Action item – Copy down every line of the data that follows exactly. Omit the pictures.

Data entries –
______

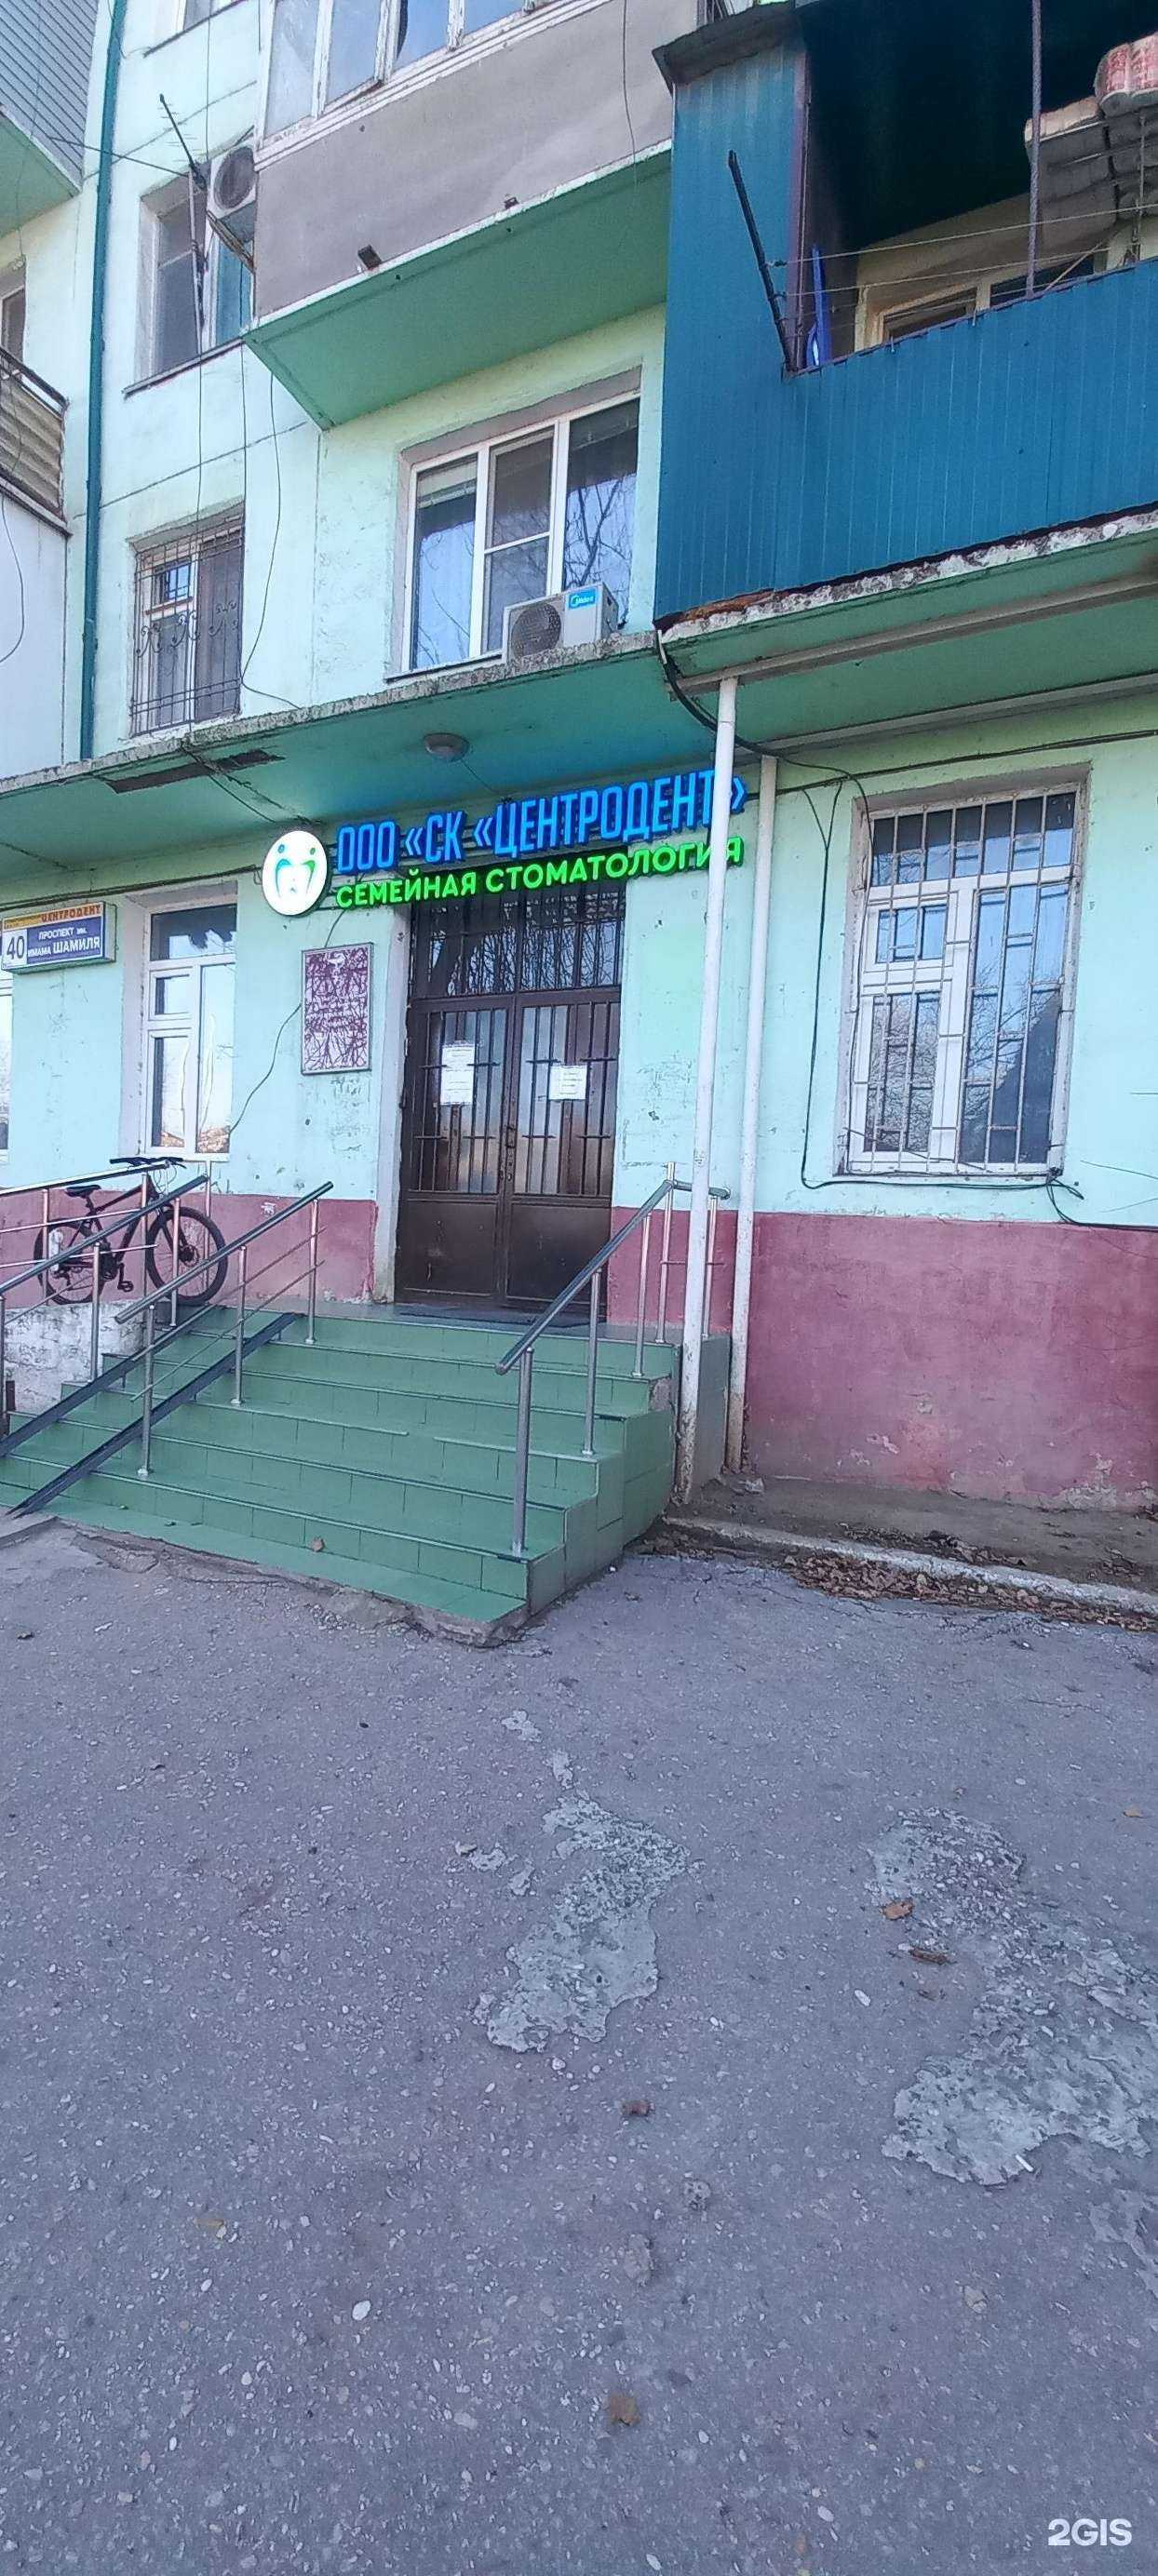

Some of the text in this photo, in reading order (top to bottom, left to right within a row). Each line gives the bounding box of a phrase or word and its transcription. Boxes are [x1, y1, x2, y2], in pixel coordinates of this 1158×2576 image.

[337, 820, 397, 873] ООО
[404, 811, 465, 864] «СК
[335, 836, 745, 909] СЕМЕЙНАЯ СТОМАТОЛОГИЯ
[41, 905, 102, 923] ЦЕНТРОДЕНТ
[38, 927, 74, 940] ПРОСПЕКТ
[7, 935, 25, 959] 40
[53, 936, 101, 954] ШАМИЛЯ
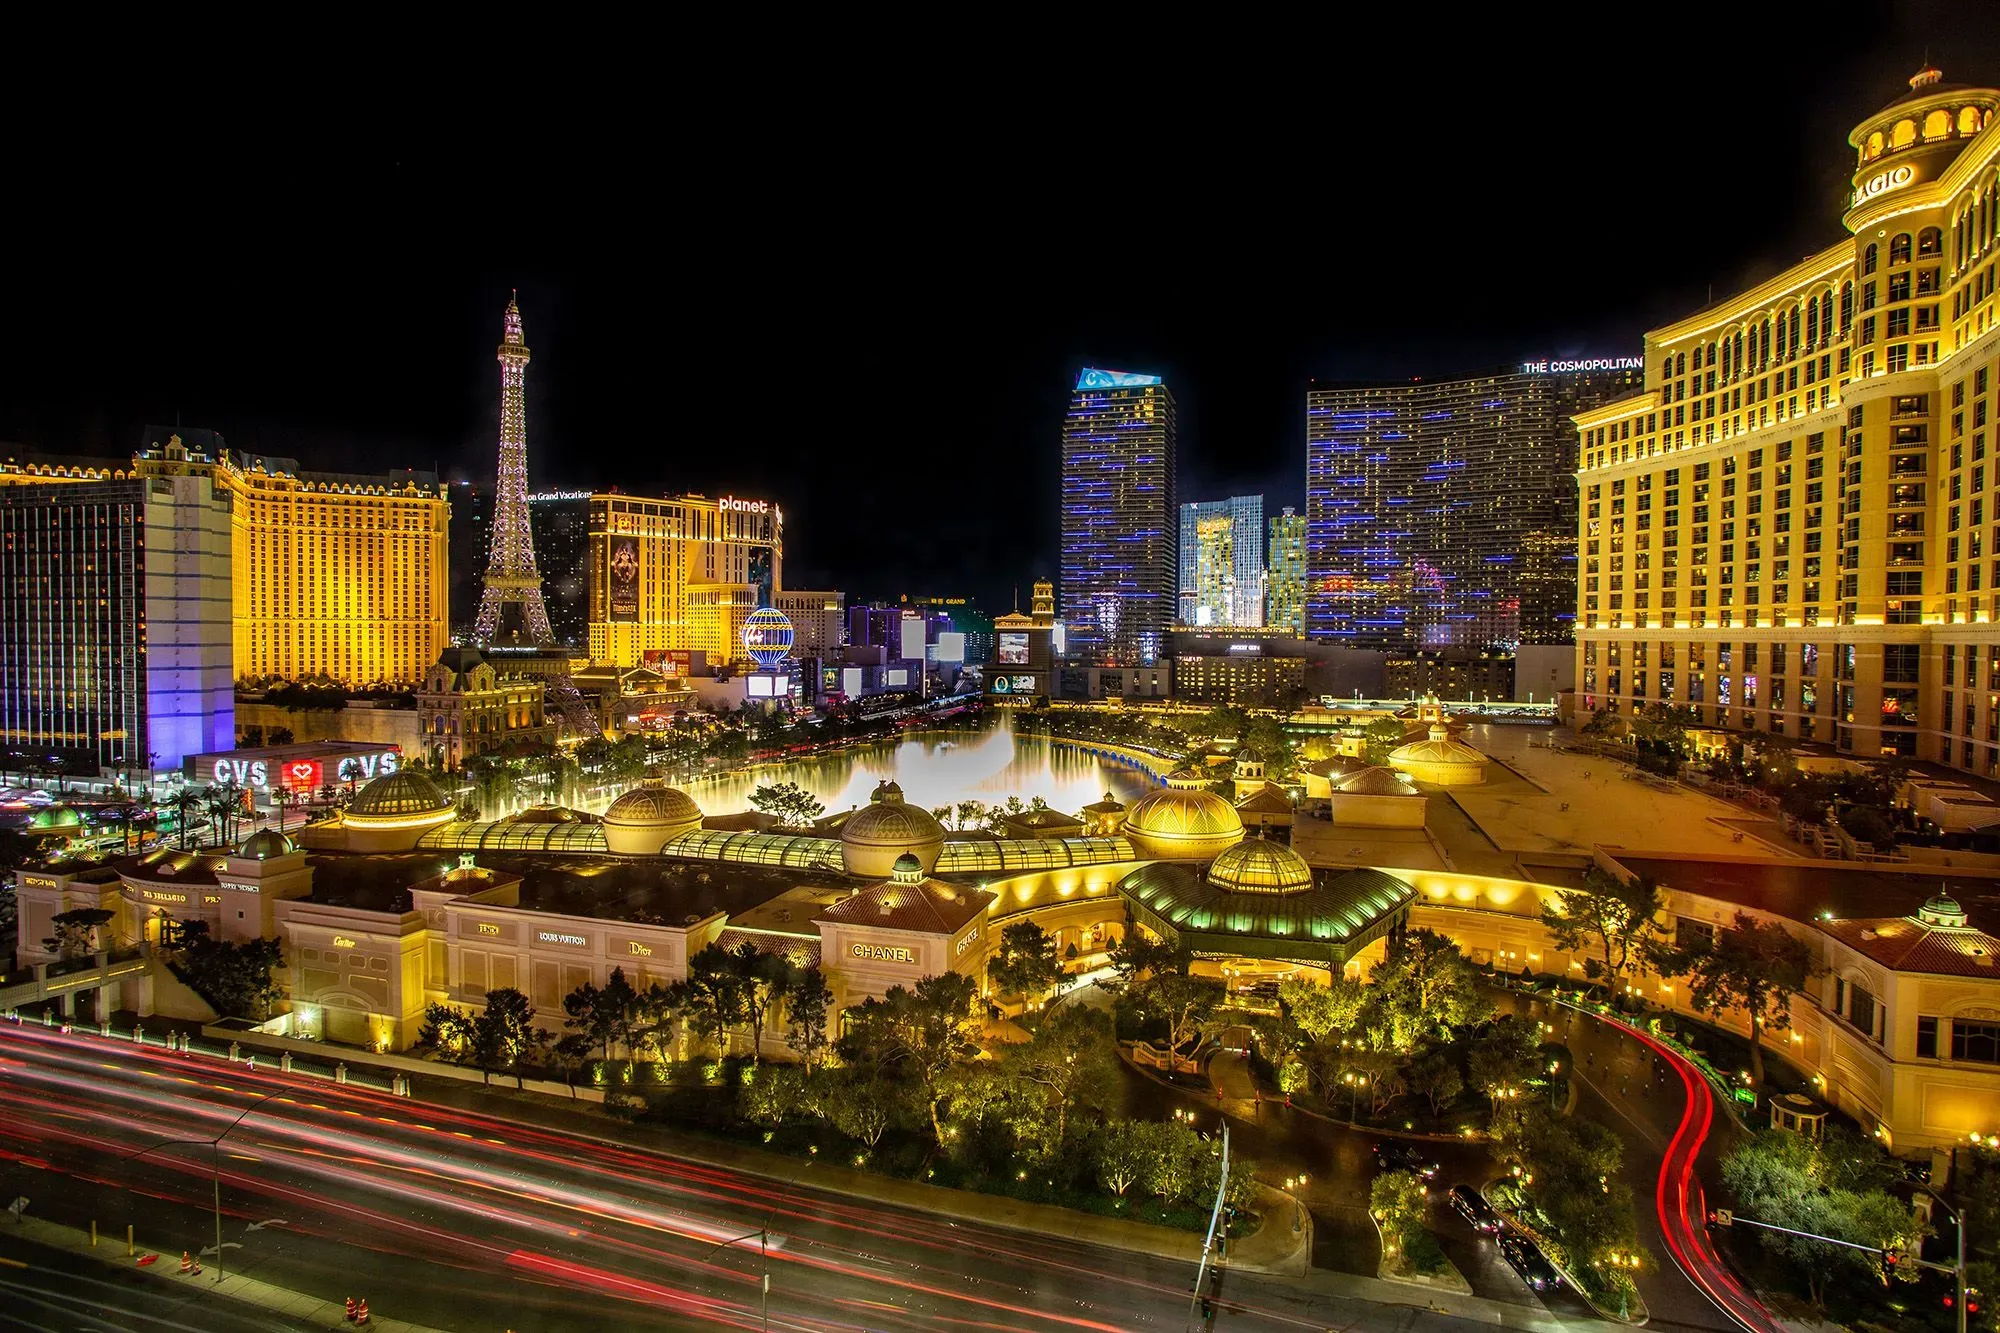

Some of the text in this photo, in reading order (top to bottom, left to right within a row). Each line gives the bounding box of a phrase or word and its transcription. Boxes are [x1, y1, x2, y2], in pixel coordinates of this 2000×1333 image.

[1524, 357, 1643, 373] THE COSMOPOLITAN
[537, 492, 558, 501] Grand
[559, 490, 592, 500] Vacations
[719, 495, 768, 514] planet
[214, 758, 268, 787] CVS
[338, 752, 398, 782] CVS
[539, 931, 586, 946] LOUIS VUITTON
[628, 942, 652, 957] Dior
[852, 944, 915, 963] CHANEL
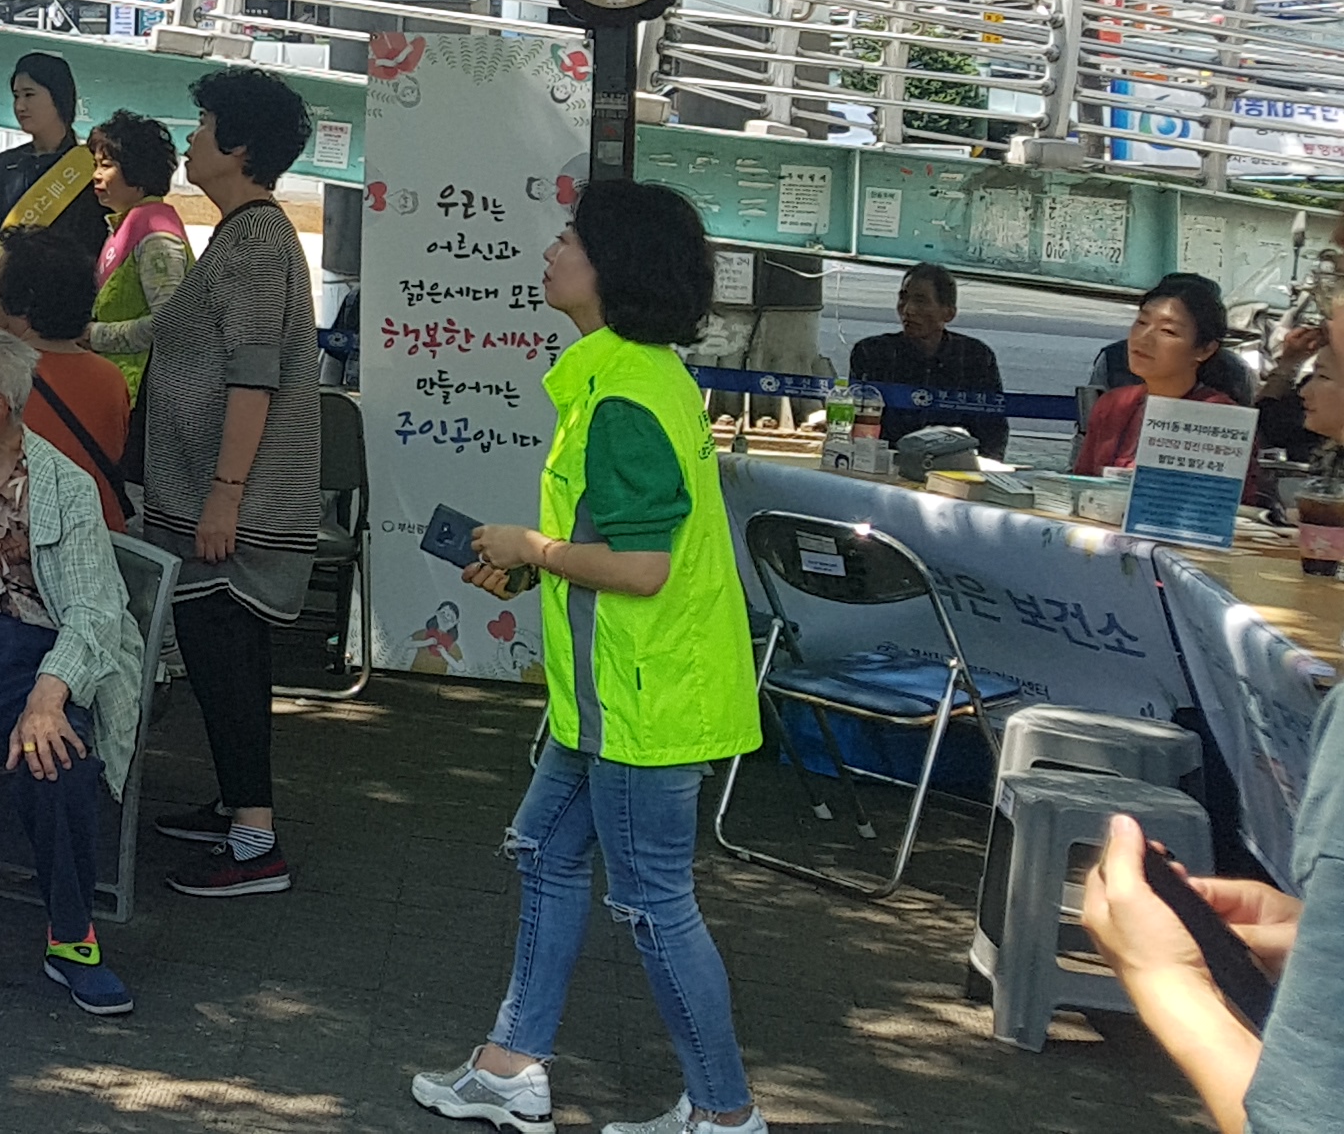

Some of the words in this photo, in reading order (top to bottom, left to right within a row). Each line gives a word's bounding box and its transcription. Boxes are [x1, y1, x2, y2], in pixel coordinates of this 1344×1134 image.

[437, 185, 506, 221] 우리는
[427, 232, 521, 261] 어르신과
[399, 280, 500, 307] 젊은세대
[508, 285, 545, 312] 모두
[381, 318, 476, 359] 행복한
[482, 332, 562, 367] 세상을
[417, 369, 521, 408] 만들어가는
[395, 411, 543, 454] 주인공입니다
[1006, 589, 1146, 658] 보건소

______

Solution to this task –
Some of the text in this photo, in reading order (top to bottom, left to right within a row). Each line gives the bounding box of a phrase or word and its transcription. Boxes are [x1, y1, x2, y2], in pixel coordinates of this 1158×2576 image.

[337, 820, 397, 873] ООО
[404, 811, 465, 864] «СК
[335, 836, 745, 909] СЕМЕЙНАЯ СТОМАТОЛОГИЯ
[41, 905, 102, 923] ЦЕНТРОДЕНТ
[38, 927, 74, 940] ПРОСПЕКТ
[7, 935, 25, 959] 40
[53, 936, 101, 954] ШАМИЛЯ

Some of the text in this photo, in reading order (top to bottom, left to right within a row). Each line gives the bounding box of a phrase or word and its transcription. Boxes are [x1, y1, x2, y2], in pixel coordinates of this 2000×1333 image.

[1524, 357, 1643, 373] THE COSMOPOLITAN
[537, 492, 558, 501] Grand
[559, 490, 592, 500] Vacations
[719, 495, 768, 514] planet
[214, 758, 268, 787] CVS
[338, 752, 398, 782] CVS
[539, 931, 586, 946] LOUIS VUITTON
[628, 942, 652, 957] Dior
[852, 944, 915, 963] CHANEL

Some of the words in this photo, in reading order (top to bottom, left to right within a row). Each line gives a word's bounding box and its transcription. Boxes are [x1, y1, x2, y2], in pixel coordinates of this 1344×1134 image.

[437, 185, 506, 221] 우리는
[427, 232, 521, 261] 어르신과
[399, 280, 500, 307] 젊은세대
[508, 285, 545, 312] 모두
[381, 318, 476, 359] 행복한
[482, 332, 562, 367] 세상을
[417, 369, 521, 408] 만들어가는
[395, 411, 543, 454] 주인공입니다
[1006, 589, 1146, 658] 보건소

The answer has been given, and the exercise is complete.